### What is being asked
Before anything else, copy every record below exactly as it stands.

### Material shown

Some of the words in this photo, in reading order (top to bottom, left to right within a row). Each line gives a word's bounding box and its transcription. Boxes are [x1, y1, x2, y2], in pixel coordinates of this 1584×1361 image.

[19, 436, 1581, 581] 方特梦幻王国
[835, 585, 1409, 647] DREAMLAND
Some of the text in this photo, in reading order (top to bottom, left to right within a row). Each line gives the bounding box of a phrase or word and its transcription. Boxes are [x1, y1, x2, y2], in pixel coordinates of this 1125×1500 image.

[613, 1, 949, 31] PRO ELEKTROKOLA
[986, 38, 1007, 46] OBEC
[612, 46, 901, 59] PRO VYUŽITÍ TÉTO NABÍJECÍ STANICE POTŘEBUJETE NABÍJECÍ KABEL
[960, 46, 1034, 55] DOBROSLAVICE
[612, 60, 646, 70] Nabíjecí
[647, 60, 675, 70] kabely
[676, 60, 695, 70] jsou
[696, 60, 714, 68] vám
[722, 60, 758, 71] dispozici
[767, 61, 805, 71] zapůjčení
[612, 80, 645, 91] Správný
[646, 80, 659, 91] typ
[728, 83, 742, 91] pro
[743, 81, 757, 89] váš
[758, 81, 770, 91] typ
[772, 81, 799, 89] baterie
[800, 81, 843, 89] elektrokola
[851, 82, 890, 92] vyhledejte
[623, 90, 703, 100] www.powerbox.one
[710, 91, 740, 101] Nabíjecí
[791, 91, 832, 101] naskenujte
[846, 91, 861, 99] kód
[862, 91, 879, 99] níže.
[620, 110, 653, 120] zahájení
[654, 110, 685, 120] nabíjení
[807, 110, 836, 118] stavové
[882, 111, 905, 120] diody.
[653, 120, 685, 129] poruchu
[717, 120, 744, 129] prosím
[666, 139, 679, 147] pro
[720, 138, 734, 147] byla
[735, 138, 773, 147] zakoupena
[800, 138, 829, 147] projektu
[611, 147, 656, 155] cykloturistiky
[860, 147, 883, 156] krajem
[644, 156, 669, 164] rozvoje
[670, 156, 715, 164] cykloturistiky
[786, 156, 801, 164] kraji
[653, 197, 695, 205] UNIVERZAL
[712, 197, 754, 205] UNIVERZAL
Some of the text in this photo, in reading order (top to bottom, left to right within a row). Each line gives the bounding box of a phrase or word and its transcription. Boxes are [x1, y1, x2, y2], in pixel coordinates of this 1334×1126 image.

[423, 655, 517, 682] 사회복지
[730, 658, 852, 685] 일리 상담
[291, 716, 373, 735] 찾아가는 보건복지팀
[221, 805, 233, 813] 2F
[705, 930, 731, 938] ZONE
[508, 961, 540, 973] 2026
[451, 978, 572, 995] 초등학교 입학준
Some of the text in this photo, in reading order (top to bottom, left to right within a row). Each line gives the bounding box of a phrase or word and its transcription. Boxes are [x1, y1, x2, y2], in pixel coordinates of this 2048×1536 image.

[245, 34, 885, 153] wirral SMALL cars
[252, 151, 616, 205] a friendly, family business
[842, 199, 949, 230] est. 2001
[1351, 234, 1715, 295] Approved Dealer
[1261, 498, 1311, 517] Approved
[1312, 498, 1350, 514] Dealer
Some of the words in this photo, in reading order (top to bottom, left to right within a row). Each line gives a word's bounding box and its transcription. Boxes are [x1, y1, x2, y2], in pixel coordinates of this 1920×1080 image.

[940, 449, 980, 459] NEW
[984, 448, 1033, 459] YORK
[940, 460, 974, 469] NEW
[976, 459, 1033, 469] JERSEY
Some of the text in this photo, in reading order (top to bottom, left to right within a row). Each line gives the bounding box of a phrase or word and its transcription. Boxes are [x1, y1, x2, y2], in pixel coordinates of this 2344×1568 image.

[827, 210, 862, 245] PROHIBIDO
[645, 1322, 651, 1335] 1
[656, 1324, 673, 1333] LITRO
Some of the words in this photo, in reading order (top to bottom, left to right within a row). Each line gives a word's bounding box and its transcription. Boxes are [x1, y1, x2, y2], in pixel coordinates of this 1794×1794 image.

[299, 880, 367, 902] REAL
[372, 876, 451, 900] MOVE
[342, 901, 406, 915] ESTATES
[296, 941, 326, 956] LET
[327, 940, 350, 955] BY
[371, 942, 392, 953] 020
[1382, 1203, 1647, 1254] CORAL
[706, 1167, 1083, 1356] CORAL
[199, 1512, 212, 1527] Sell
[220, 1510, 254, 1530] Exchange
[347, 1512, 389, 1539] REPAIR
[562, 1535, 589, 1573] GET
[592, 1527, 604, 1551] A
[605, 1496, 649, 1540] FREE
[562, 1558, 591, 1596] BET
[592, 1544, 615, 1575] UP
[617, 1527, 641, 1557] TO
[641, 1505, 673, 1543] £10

### Answer box
Some of the words in this photo, in reading order (top to bottom, left to right within a row). Each line gives a word's bounding box and its transcription. Boxes are [x1, y1, x2, y2], in pixel coordinates of this 1584×1361 image.

[19, 436, 1581, 581] 方特梦幻王国
[835, 585, 1409, 647] DREAMLAND
Some of the text in this photo, in reading order (top to bottom, left to right within a row). Each line gives the bounding box of a phrase or word and its transcription. Boxes are [x1, y1, x2, y2], in pixel coordinates of this 1125×1500 image.

[613, 1, 949, 31] PRO ELEKTROKOLA
[986, 38, 1007, 46] OBEC
[612, 46, 901, 59] PRO VYUŽITÍ TÉTO NABÍJECÍ STANICE POTŘEBUJETE NABÍJECÍ KABEL
[960, 46, 1034, 55] DOBROSLAVICE
[612, 60, 646, 70] Nabíjecí
[647, 60, 675, 70] kabely
[676, 60, 695, 70] jsou
[696, 60, 714, 68] vám
[722, 60, 758, 71] dispozici
[767, 61, 805, 71] zapůjčení
[612, 80, 645, 91] Správný
[646, 80, 659, 91] typ
[728, 83, 742, 91] pro
[743, 81, 757, 89] váš
[758, 81, 770, 91] typ
[772, 81, 799, 89] baterie
[800, 81, 843, 89] elektrokola
[851, 82, 890, 92] vyhledejte
[623, 90, 703, 100] www.powerbox.one
[710, 91, 740, 101] Nabíjecí
[791, 91, 832, 101] naskenujte
[846, 91, 861, 99] kód
[862, 91, 879, 99] níže.
[620, 110, 653, 120] zahájení
[654, 110, 685, 120] nabíjení
[807, 110, 836, 118] stavové
[882, 111, 905, 120] diody.
[653, 120, 685, 129] poruchu
[717, 120, 744, 129] prosím
[666, 139, 679, 147] pro
[720, 138, 734, 147] byla
[735, 138, 773, 147] zakoupena
[800, 138, 829, 147] projektu
[611, 147, 656, 155] cykloturistiky
[860, 147, 883, 156] krajem
[644, 156, 669, 164] rozvoje
[670, 156, 715, 164] cykloturistiky
[786, 156, 801, 164] kraji
[653, 197, 695, 205] UNIVERZAL
[712, 197, 754, 205] UNIVERZAL
Some of the text in this photo, in reading order (top to bottom, left to right within a row). Each line gives the bounding box of a phrase or word and its transcription. Boxes are [x1, y1, x2, y2], in pixel coordinates of this 1334×1126 image.

[423, 655, 517, 682] 사회복지
[730, 658, 852, 685] 일리 상담
[291, 716, 373, 735] 찾아가는 보건복지팀
[221, 805, 233, 813] 2F
[705, 930, 731, 938] ZONE
[508, 961, 540, 973] 2026
[451, 978, 572, 995] 초등학교 입학준
Some of the text in this photo, in reading order (top to bottom, left to right within a row). Each line gives the bounding box of a phrase or word and its transcription. Boxes are [x1, y1, x2, y2], in pixel coordinates of this 2048×1536 image.

[245, 34, 885, 153] wirral SMALL cars
[252, 151, 616, 205] a friendly, family business
[842, 199, 949, 230] est. 2001
[1351, 234, 1715, 295] Approved Dealer
[1261, 498, 1311, 517] Approved
[1312, 498, 1350, 514] Dealer
Some of the words in this photo, in reading order (top to bottom, left to right within a row). Each line gives a word's bounding box and its transcription. Boxes are [x1, y1, x2, y2], in pixel coordinates of this 1920×1080 image.

[940, 449, 980, 459] NEW
[984, 448, 1033, 459] YORK
[940, 460, 974, 469] NEW
[976, 459, 1033, 469] JERSEY
Some of the text in this photo, in reading order (top to bottom, left to right within a row). Each line gives the bounding box of a phrase or word and its transcription. Boxes are [x1, y1, x2, y2], in pixel coordinates of this 2344×1568 image.

[827, 210, 862, 245] PROHIBIDO
[645, 1322, 651, 1335] 1
[656, 1324, 673, 1333] LITRO
Some of the words in this photo, in reading order (top to bottom, left to right within a row). Each line gives a word's bounding box and its transcription. Boxes are [x1, y1, x2, y2], in pixel coordinates of this 1794×1794 image.

[299, 880, 367, 902] REAL
[372, 876, 451, 900] MOVE
[342, 901, 406, 915] ESTATES
[296, 941, 326, 956] LET
[327, 940, 350, 955] BY
[371, 942, 392, 953] 020
[1382, 1203, 1647, 1254] CORAL
[706, 1167, 1083, 1356] CORAL
[199, 1512, 212, 1527] Sell
[220, 1510, 254, 1530] Exchange
[347, 1512, 389, 1539] REPAIR
[562, 1535, 589, 1573] GET
[592, 1527, 604, 1551] A
[605, 1496, 649, 1540] FREE
[562, 1558, 591, 1596] BET
[592, 1544, 615, 1575] UP
[617, 1527, 641, 1557] TO
[641, 1505, 673, 1543] £10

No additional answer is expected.